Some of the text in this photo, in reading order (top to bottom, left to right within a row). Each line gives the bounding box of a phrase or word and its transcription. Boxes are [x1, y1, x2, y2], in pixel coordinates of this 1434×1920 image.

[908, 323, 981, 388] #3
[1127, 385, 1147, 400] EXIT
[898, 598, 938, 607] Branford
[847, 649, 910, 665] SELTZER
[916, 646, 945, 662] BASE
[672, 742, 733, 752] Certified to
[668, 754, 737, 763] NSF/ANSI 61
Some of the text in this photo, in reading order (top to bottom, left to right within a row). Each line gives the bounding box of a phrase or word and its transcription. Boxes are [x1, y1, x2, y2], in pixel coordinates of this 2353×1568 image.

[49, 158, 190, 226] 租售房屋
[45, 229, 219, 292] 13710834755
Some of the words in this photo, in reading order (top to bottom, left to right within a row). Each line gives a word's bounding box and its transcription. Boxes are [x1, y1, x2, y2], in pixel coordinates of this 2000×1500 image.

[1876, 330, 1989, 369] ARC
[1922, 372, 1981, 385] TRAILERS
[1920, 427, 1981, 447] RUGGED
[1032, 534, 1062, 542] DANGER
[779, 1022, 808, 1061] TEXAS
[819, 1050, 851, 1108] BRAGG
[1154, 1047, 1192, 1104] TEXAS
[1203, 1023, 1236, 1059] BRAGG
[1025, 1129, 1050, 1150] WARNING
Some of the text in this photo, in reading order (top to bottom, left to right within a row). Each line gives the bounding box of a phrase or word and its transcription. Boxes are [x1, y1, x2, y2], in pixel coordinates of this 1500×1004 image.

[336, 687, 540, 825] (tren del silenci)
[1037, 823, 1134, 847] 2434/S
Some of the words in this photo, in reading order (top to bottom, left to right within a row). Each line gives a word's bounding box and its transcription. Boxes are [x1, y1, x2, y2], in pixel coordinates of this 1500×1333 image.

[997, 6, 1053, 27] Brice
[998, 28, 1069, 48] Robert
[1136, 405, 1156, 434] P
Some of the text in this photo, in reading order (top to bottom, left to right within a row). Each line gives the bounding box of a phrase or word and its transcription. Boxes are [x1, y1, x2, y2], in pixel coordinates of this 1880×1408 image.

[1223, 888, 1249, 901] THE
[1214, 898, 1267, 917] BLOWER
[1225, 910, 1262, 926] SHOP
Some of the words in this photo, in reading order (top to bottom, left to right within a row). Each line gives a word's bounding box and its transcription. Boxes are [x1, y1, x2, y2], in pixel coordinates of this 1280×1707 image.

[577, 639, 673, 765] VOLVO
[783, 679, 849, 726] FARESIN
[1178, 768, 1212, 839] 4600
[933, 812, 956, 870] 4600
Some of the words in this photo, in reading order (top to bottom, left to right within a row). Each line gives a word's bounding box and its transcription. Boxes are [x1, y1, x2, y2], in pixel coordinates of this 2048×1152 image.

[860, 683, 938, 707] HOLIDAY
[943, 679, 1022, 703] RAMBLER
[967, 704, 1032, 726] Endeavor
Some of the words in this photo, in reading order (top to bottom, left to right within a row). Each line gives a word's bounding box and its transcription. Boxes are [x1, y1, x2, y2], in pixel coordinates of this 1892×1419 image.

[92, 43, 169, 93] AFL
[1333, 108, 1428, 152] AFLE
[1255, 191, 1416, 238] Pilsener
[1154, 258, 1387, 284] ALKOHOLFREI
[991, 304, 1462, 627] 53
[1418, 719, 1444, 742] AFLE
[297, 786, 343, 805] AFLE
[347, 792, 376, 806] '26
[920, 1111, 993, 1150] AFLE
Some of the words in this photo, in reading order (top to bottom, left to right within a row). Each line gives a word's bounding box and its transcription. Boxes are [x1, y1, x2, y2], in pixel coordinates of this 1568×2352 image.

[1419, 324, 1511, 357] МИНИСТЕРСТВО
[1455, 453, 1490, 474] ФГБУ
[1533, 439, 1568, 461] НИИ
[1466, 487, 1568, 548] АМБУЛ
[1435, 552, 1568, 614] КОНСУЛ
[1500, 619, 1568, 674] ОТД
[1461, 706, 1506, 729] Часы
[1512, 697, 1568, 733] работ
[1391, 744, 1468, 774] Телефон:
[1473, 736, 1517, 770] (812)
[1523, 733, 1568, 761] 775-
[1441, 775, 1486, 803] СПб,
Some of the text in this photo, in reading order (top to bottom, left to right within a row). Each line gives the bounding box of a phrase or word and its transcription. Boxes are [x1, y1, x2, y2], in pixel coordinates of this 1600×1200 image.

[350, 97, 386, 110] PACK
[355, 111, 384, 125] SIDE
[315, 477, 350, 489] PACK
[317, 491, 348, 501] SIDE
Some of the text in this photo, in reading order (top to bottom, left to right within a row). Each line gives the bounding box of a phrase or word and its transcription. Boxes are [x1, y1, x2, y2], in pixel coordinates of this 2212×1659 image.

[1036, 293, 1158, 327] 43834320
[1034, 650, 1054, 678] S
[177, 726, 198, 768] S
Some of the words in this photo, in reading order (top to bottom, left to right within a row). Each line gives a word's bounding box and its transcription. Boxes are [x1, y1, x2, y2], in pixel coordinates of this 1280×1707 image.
+++
Across the whole listing, every line must be copied exactly.

Some of the text in this photo, in reading order (top to bottom, left to right within a row). Each line gives the bounding box of a phrase or word and its transcription. Boxes are [x1, y1, x2, y2], in pixel coordinates of this 1434×1920 image.

[908, 323, 981, 388] #3
[1127, 385, 1147, 400] EXIT
[898, 598, 938, 607] Branford
[847, 649, 910, 665] SELTZER
[916, 646, 945, 662] BASE
[672, 742, 733, 752] Certified to
[668, 754, 737, 763] NSF/ANSI 61
Some of the text in this photo, in reading order (top to bottom, left to right within a row). Each line gives the bounding box of a phrase or word and its transcription. Boxes are [x1, y1, x2, y2], in pixel coordinates of this 2353×1568 image.

[49, 158, 190, 226] 租售房屋
[45, 229, 219, 292] 13710834755
Some of the words in this photo, in reading order (top to bottom, left to right within a row). Each line gives a word's bounding box and its transcription. Boxes are [x1, y1, x2, y2], in pixel coordinates of this 2000×1500 image.

[1876, 330, 1989, 369] ARC
[1922, 372, 1981, 385] TRAILERS
[1920, 427, 1981, 447] RUGGED
[1032, 534, 1062, 542] DANGER
[779, 1022, 808, 1061] TEXAS
[819, 1050, 851, 1108] BRAGG
[1154, 1047, 1192, 1104] TEXAS
[1203, 1023, 1236, 1059] BRAGG
[1025, 1129, 1050, 1150] WARNING
Some of the text in this photo, in reading order (top to bottom, left to right within a row). Each line gives the bounding box of a phrase or word and its transcription. Boxes are [x1, y1, x2, y2], in pixel coordinates of this 1500×1004 image.

[336, 687, 540, 825] (tren del silenci)
[1037, 823, 1134, 847] 2434/S
Some of the words in this photo, in reading order (top to bottom, left to right within a row). Each line gives a word's bounding box and its transcription. Boxes are [x1, y1, x2, y2], in pixel coordinates of this 1500×1333 image.

[997, 6, 1053, 27] Brice
[998, 28, 1069, 48] Robert
[1136, 405, 1156, 434] P
Some of the text in this photo, in reading order (top to bottom, left to right within a row). Each line gives the bounding box of a phrase or word and its transcription. Boxes are [x1, y1, x2, y2], in pixel coordinates of this 1880×1408 image.

[1223, 888, 1249, 901] THE
[1214, 898, 1267, 917] BLOWER
[1225, 910, 1262, 926] SHOP
Some of the words in this photo, in reading order (top to bottom, left to right within a row). Each line gives a word's bounding box and its transcription. Boxes are [x1, y1, x2, y2], in pixel coordinates of this 1280×1707 image.

[577, 639, 673, 765] VOLVO
[783, 679, 849, 726] FARESIN
[1178, 768, 1212, 839] 4600
[933, 812, 956, 870] 4600
Some of the words in this photo, in reading order (top to bottom, left to right within a row). Each line gives a word's bounding box and its transcription. Boxes are [x1, y1, x2, y2], in pixel coordinates of this 2048×1152 image.

[860, 683, 938, 707] HOLIDAY
[943, 679, 1022, 703] RAMBLER
[967, 704, 1032, 726] Endeavor
Some of the words in this photo, in reading order (top to bottom, left to right within a row). Each line gives a word's bounding box and its transcription. Boxes are [x1, y1, x2, y2], in pixel coordinates of this 1892×1419 image.

[92, 43, 169, 93] AFL
[1333, 108, 1428, 152] AFLE
[1255, 191, 1416, 238] Pilsener
[1154, 258, 1387, 284] ALKOHOLFREI
[991, 304, 1462, 627] 53
[1418, 719, 1444, 742] AFLE
[297, 786, 343, 805] AFLE
[347, 792, 376, 806] '26
[920, 1111, 993, 1150] AFLE
Some of the words in this photo, in reading order (top to bottom, left to right within a row). Each line gives a word's bounding box and its transcription. Boxes are [x1, y1, x2, y2], in pixel coordinates of this 1568×2352 image.

[1419, 324, 1511, 357] МИНИСТЕРСТВО
[1455, 453, 1490, 474] ФГБУ
[1533, 439, 1568, 461] НИИ
[1466, 487, 1568, 548] АМБУЛ
[1435, 552, 1568, 614] КОНСУЛ
[1500, 619, 1568, 674] ОТД
[1461, 706, 1506, 729] Часы
[1512, 697, 1568, 733] работ
[1391, 744, 1468, 774] Телефон:
[1473, 736, 1517, 770] (812)
[1523, 733, 1568, 761] 775-
[1441, 775, 1486, 803] СПб,
Some of the text in this photo, in reading order (top to bottom, left to right within a row). Each line gives the bounding box of a phrase or word and its transcription. Boxes are [x1, y1, x2, y2], in pixel coordinates of this 1600×1200 image.

[350, 97, 386, 110] PACK
[355, 111, 384, 125] SIDE
[315, 477, 350, 489] PACK
[317, 491, 348, 501] SIDE
Some of the text in this photo, in reading order (top to bottom, left to right within a row). Each line gives the bounding box of a phrase or word and its transcription. Boxes are [x1, y1, x2, y2], in pixel coordinates of this 2212×1659 image.

[1036, 293, 1158, 327] 43834320
[1034, 650, 1054, 678] S
[177, 726, 198, 768] S
Some of the words in this photo, in reading order (top to bottom, left to right within a row). Each line gives a word's bounding box and its transcription. Boxes are [x1, y1, x2, y2], in pixel coordinates of this 1280×1707 image.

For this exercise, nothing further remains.